** WORK TO COMPLETE **
Images are to be dropped, and the rest of the data reproduced exactly.

↓

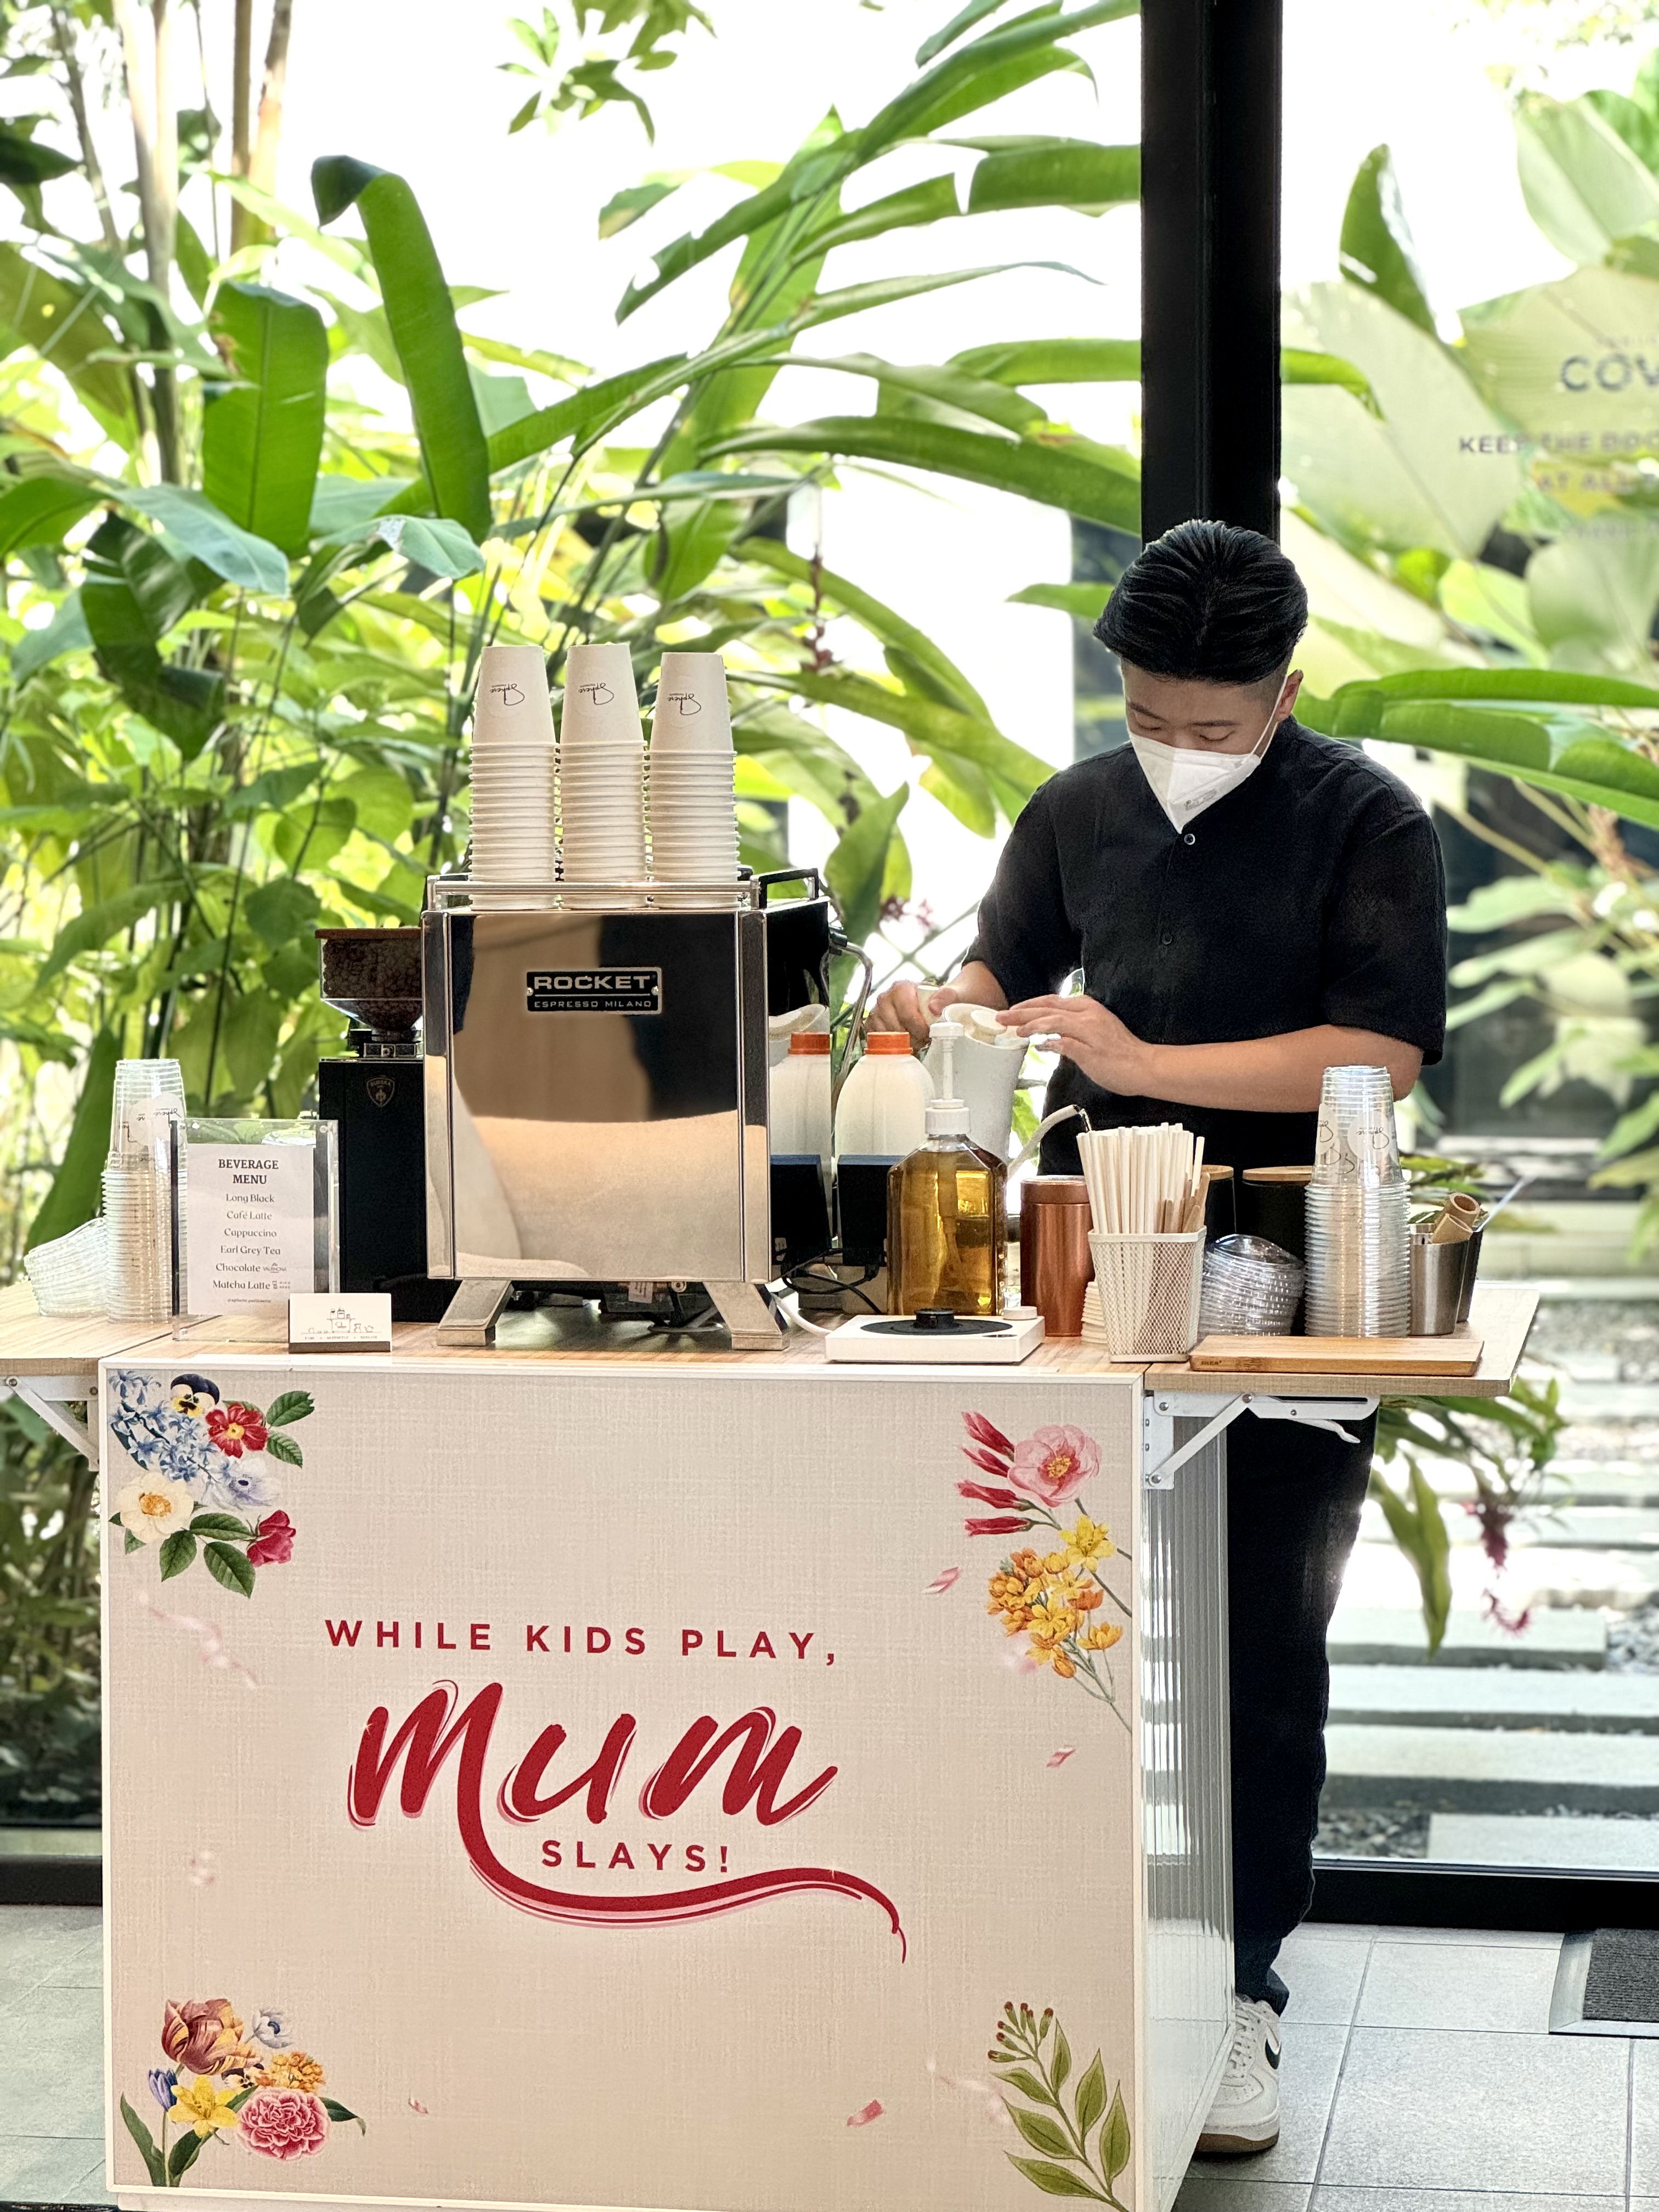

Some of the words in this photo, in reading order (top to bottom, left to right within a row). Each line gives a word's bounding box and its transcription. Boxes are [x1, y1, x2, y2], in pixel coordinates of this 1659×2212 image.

[1459, 434, 1528, 454] KEEP
[534, 975, 650, 989] ROCKET
[218, 1159, 279, 1170] BEVERAGE
[233, 1175, 267, 1184] MENU
[226, 1193, 249, 1204] Long
[250, 1194, 275, 1203] Black
[227, 1211, 247, 1220] Café
[250, 1211, 273, 1220] Latte
[224, 1228, 277, 1238] Cappuccino
[221, 1245, 238, 1254] Earl
[240, 1245, 262, 1256] Grey
[263, 1246, 281, 1255] Tea
[216, 1263, 261, 1272] Chocolate
[213, 1280, 246, 1289] Matcha
[247, 1281, 270, 1290] Latte
[325, 1620, 490, 1650] WHILE
[527, 1625, 646, 1655] KIDS
[682, 1629, 834, 1666] PLAY,
[542, 1839, 728, 1874] SLAYS!
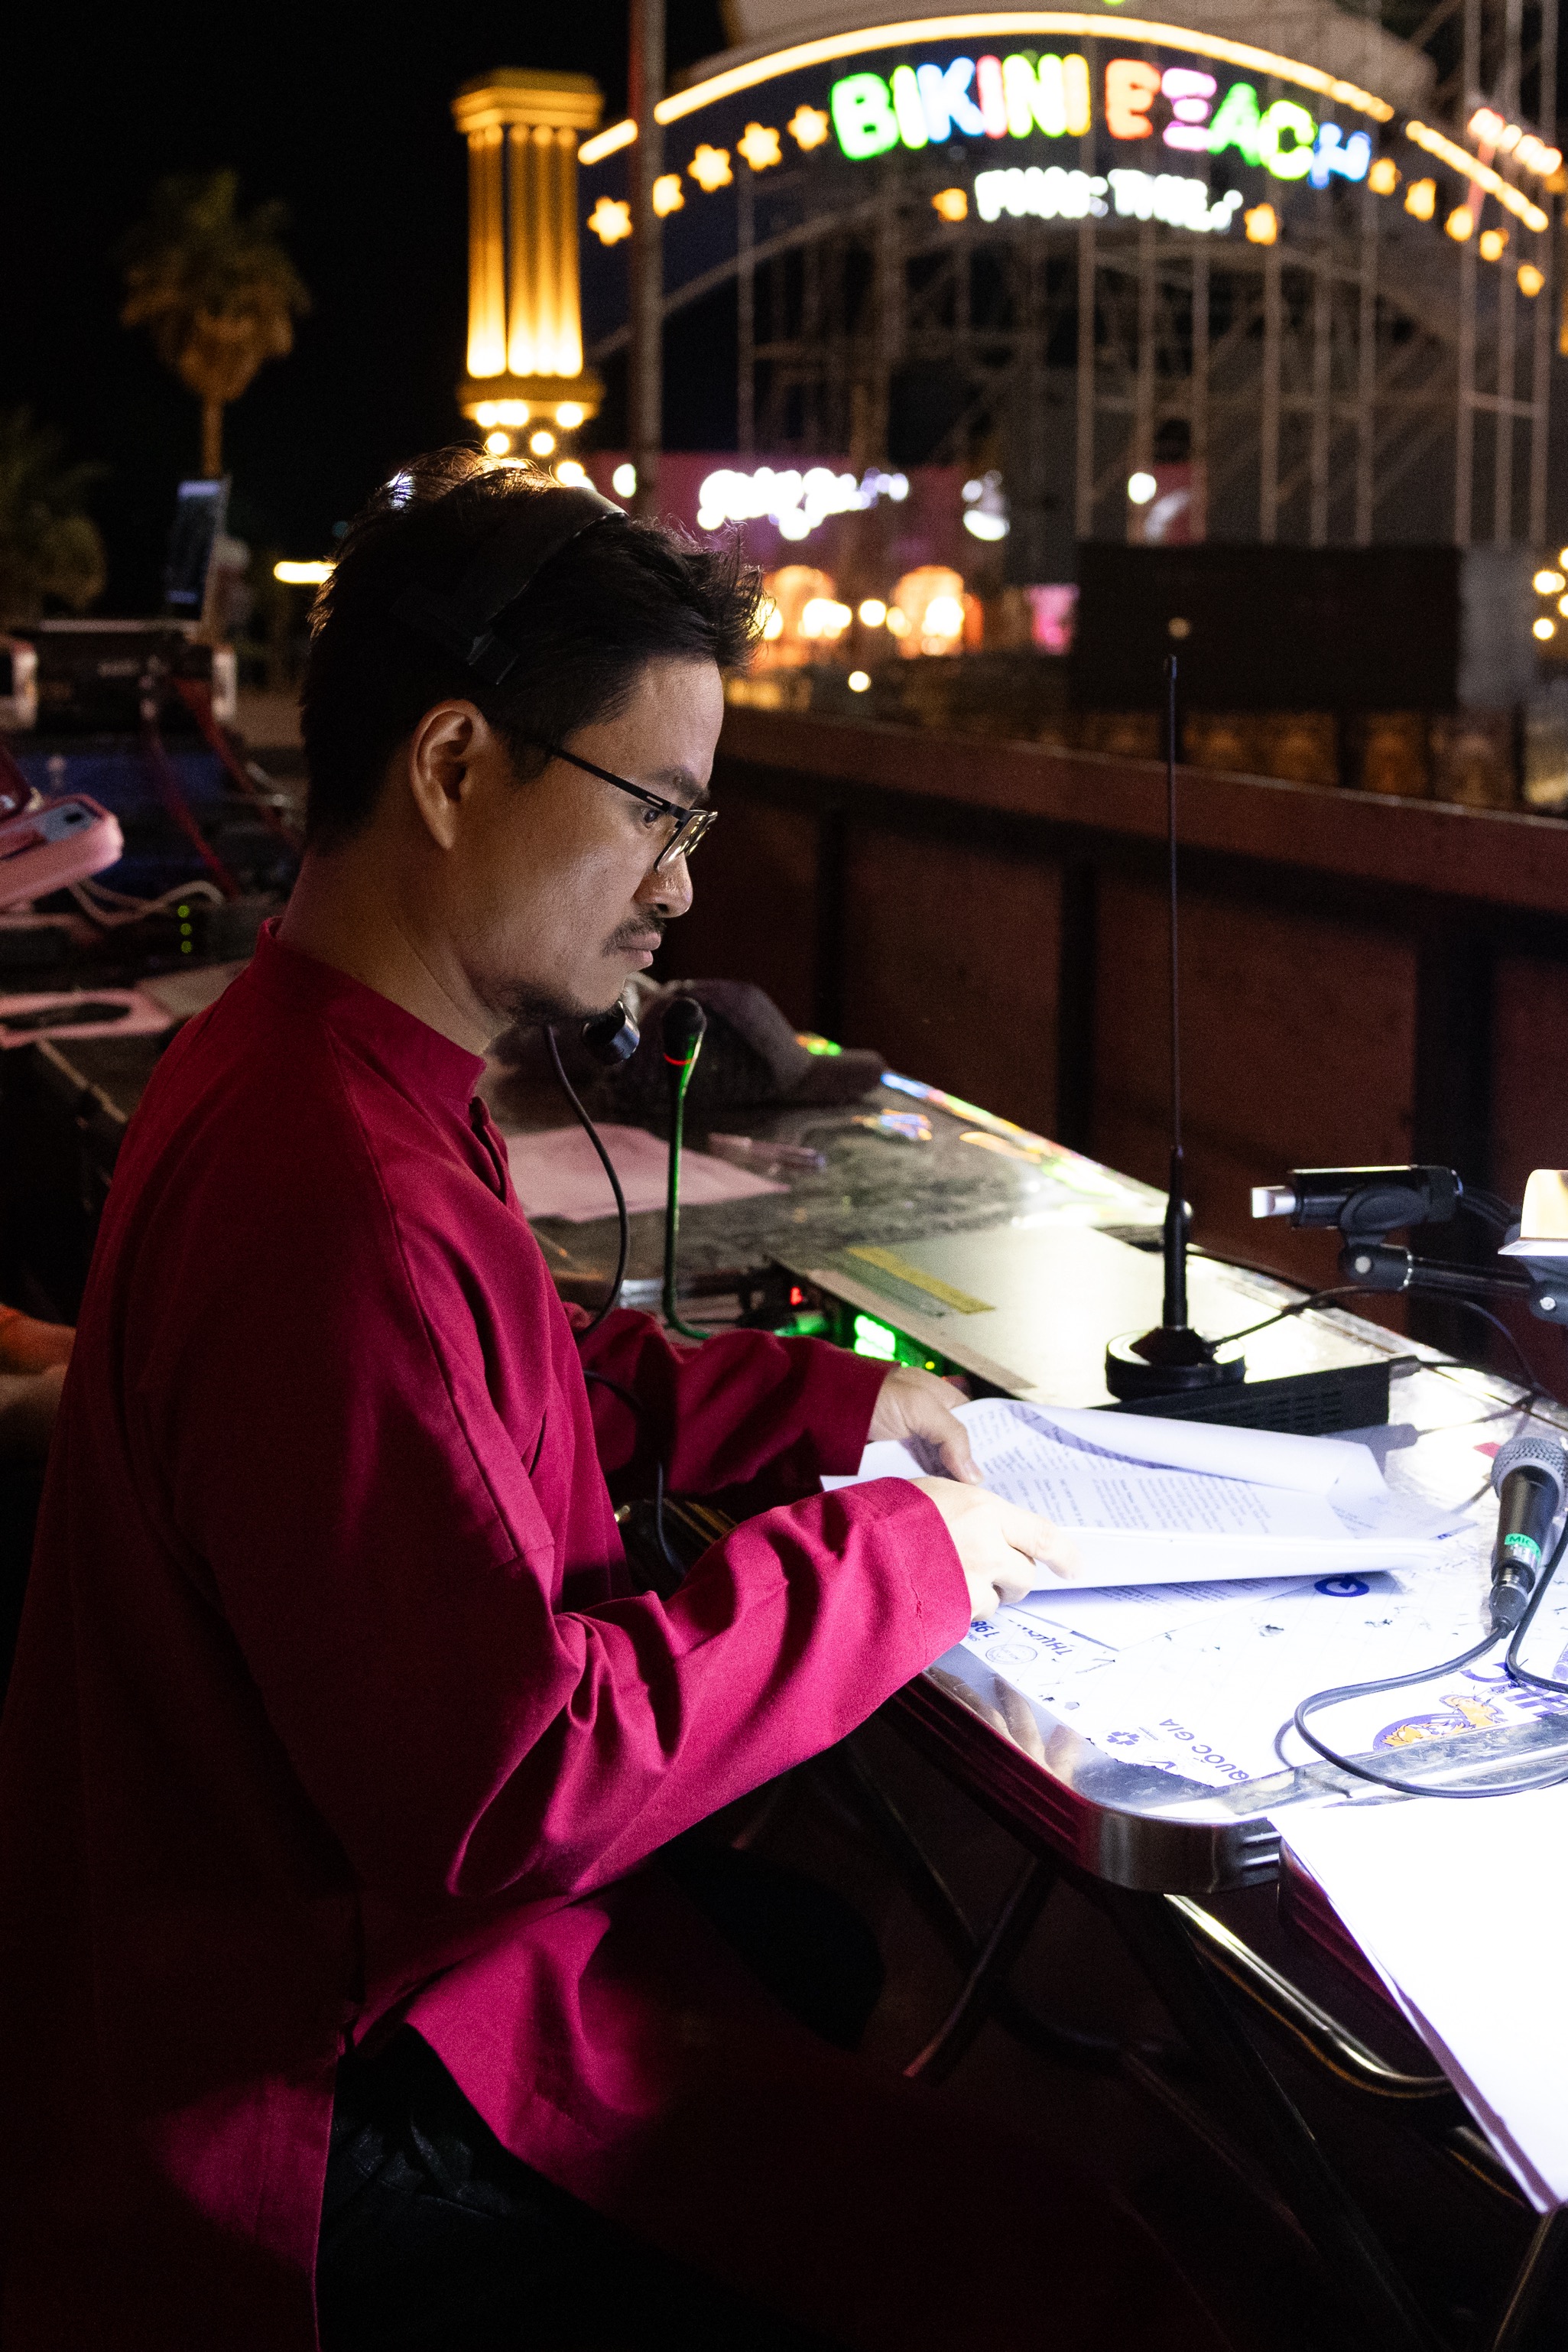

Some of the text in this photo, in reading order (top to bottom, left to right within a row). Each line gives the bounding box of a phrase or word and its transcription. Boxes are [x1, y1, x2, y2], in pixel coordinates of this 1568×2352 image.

↑

** ANSWER TO THIS PROBLEM **
Some of the words in this photo, in reading order (top to bottom, left to right within a row). Each line gives a word's bounding box and its transcription. Boxes are [x1, y1, x2, y2], in pixel coordinates of this 1659×2212 image.

[1459, 434, 1528, 454] KEEP
[534, 975, 650, 989] ROCKET
[218, 1159, 279, 1170] BEVERAGE
[233, 1175, 267, 1184] MENU
[226, 1193, 249, 1204] Long
[250, 1194, 275, 1203] Black
[227, 1211, 247, 1220] Café
[250, 1211, 273, 1220] Latte
[224, 1228, 277, 1238] Cappuccino
[221, 1245, 238, 1254] Earl
[240, 1245, 262, 1256] Grey
[263, 1246, 281, 1255] Tea
[216, 1263, 261, 1272] Chocolate
[213, 1280, 246, 1289] Matcha
[247, 1281, 270, 1290] Latte
[325, 1620, 490, 1650] WHILE
[527, 1625, 646, 1655] KIDS
[682, 1629, 834, 1666] PLAY,
[542, 1839, 728, 1874] SLAYS!

Some of the text in this photo, in reading order (top to bottom, left to right within a row). Each line gives the bounding box of a phrase or word and its transcription. Boxes are [x1, y1, x2, y2], in pixel coordinates of this 1568×2352 image.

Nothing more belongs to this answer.